Mean difference in statistics

The mean absolute difference is a measure of variability based on the absolute differences between every pair of elements in a distribution. $$ \Delta = \frac{1}{n \cdot (n-1)} \cdot \sum_{i=1}^n \sum_{j=1}^n |x_i - x_j| $$ where n is the number of elements in the distribution.

Absolute values are used for the differences to avoid cancellation, as opposite values (e.g., 2 and -2) would otherwise offset each other.

The denominator of the mean absolute difference represents the number of possible pairings, n(n-1), excluding comparisons of an element with itself, which are not relevant here.

Note. If you wish to include comparisons of elements with themselves, you should use the formula for the mean difference with repetition: $$ \Delta = \frac{1}{n^2} \cdot \sum_{i=1}^n \sum_{j=1}^n |x_i - x_j| $$ In this case, the number of pairings is n·n, or n².

A practical example

Consider a distribution with n=3 elements:

$$ X = \{ 2, 5, 6 \} $$

The mean absolute difference is calculated as follows:

$$ \Delta = \frac{1}{n \cdot (n-1)} \cdot \sum_{i=1}^n \sum_{j=1}^n |x_i - x_j| $$

$$ \Delta = \frac{1}{3 \cdot 2} \cdot \sum_{i=1}^3 \sum_{j=1}^3 |x_i - x_j| $$

$$ \Delta = \frac{1}{6} \cdot ( |2-2| + |2-5| + |2-6| + |5-2| + |5-5| + |5-6| + |6-2| + |6-5| + |6-6| )$$

$$ \Delta = \frac{1}{6} \cdot ( |0| + |-3| + |-4| + |3| + |0| + |-1| + |4| + |1| + |0| )$$

$$ \Delta = \frac{1}{6} \cdot ( 3 + 4 + 3 + 1 + 4 + 1) $$

$$ \Delta = \frac{1}{6} \cdot 16 $$

Thus, the mean absolute difference is:

$$ \Delta = 2.66 $$

Note. If I wanted to calculate the mean difference with repetition, I would use n² in the denominator: $$ \Delta_R = \frac{1}{3^2} \cdot \sum_{i=1}^3 \sum_{j=1}^3 |x_i - x_j| $$ $$ \Delta_R = \frac{1}{9} \cdot 16 $$ $$ \Delta_R = 1.77 $$

The stepwise distance method

An alternative approach to calculating the mean absolute difference is based on stepwise distances.

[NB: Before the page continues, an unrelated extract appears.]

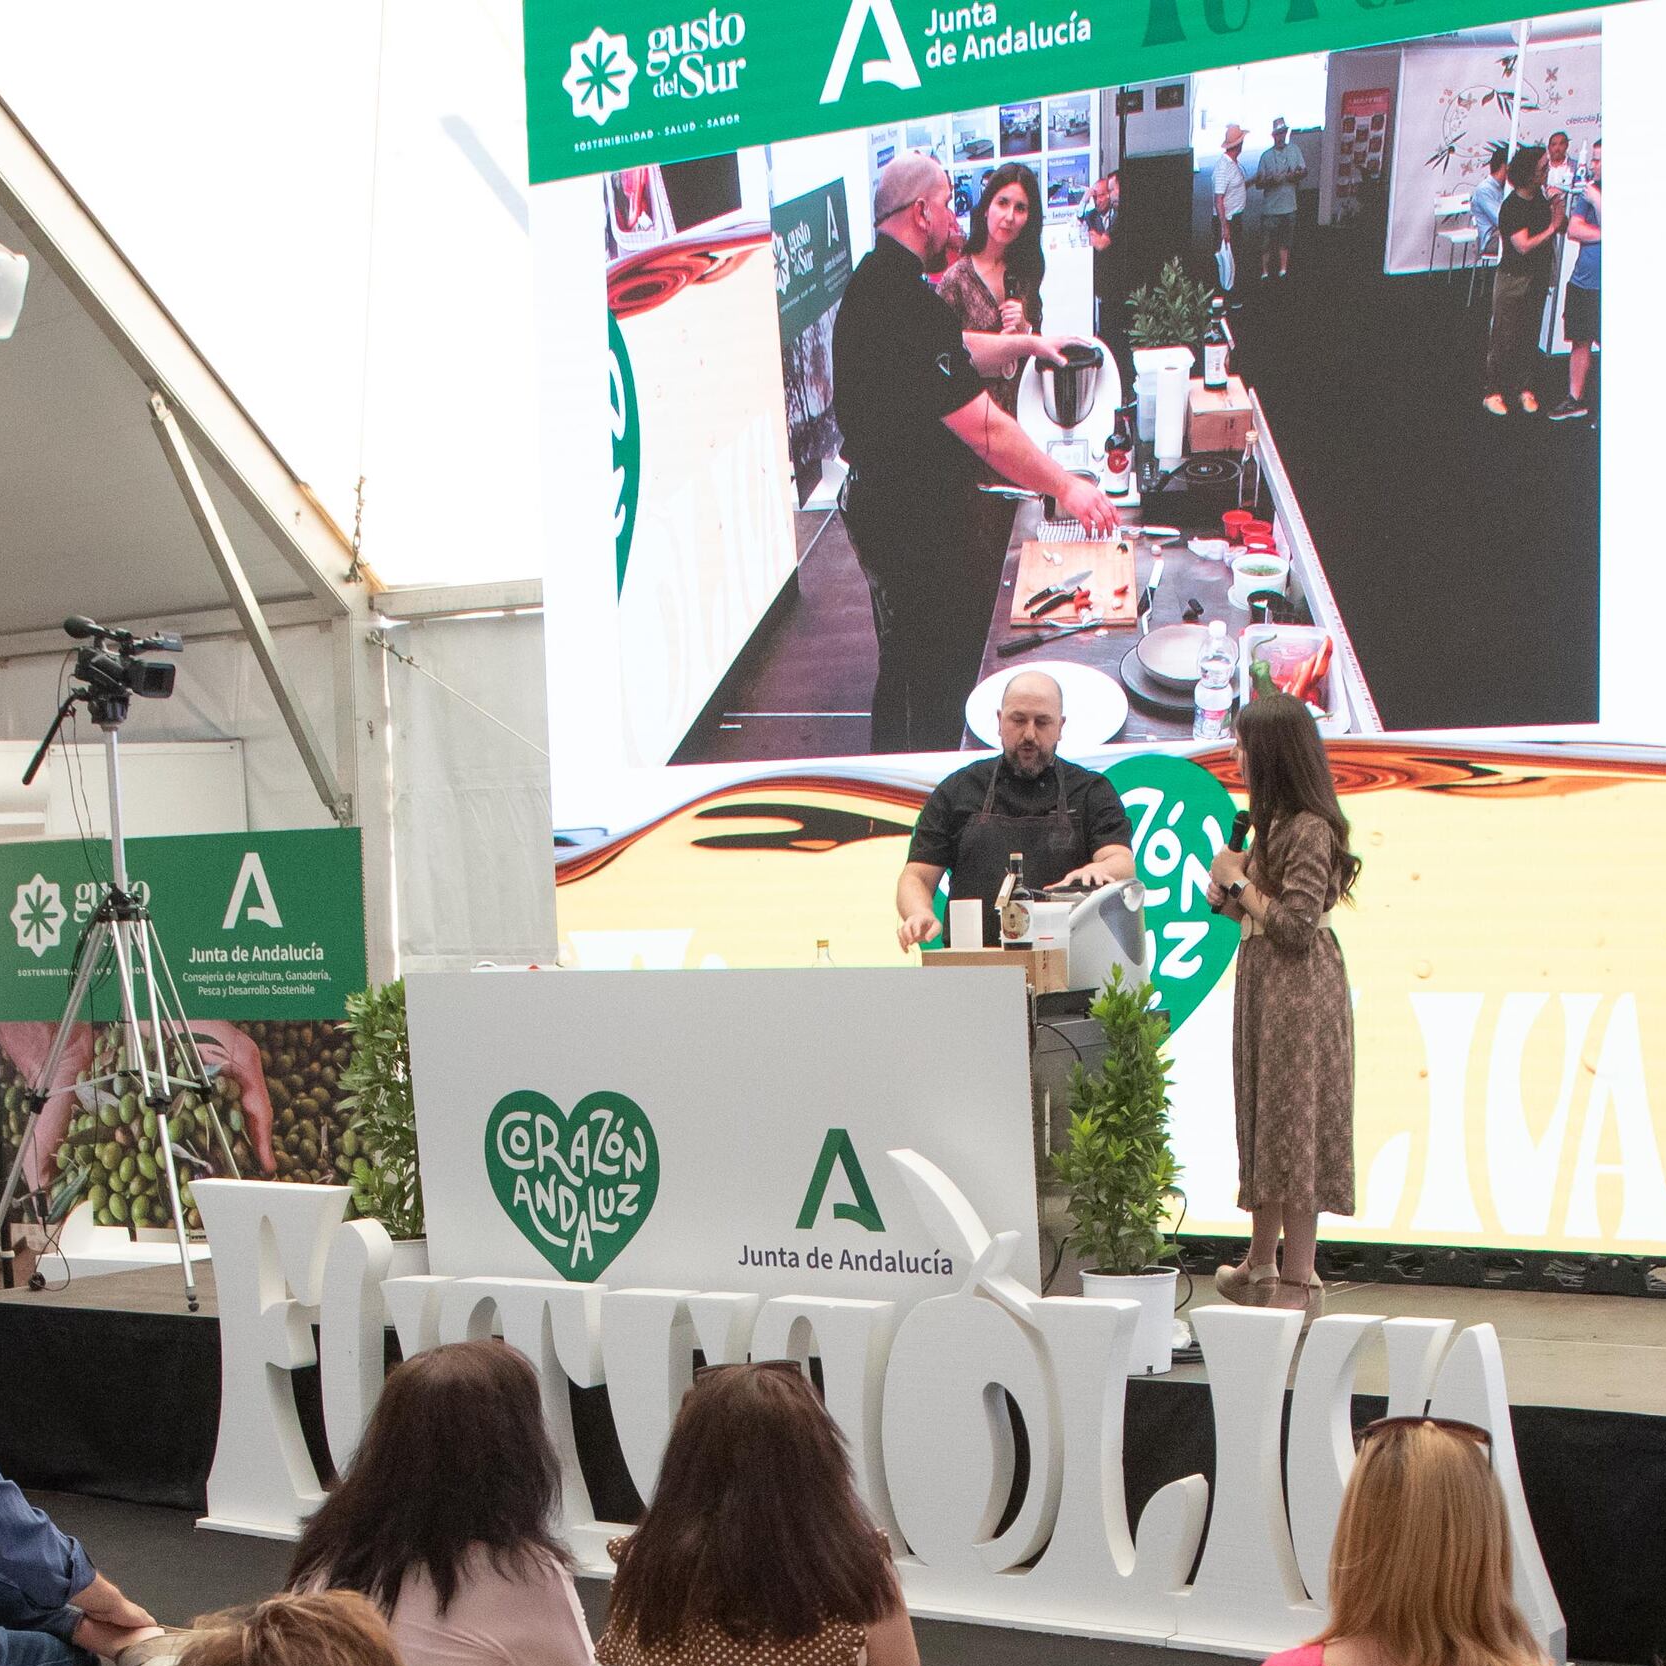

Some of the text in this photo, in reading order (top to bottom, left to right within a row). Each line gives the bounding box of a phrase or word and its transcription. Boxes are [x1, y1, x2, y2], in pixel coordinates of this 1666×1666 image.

First, sort the distribution X in non-decreasing order:

$$ X = \{ 2, 5, 6 \} $$

Then, construct the difference matrix:

For the distribution X={2,5,6}, the difference matrix looks like this:

As you can see, the lower triangular matrix contains only positive differences.

The upper triangular matrix contains negative differences, which we discard as they are not needed.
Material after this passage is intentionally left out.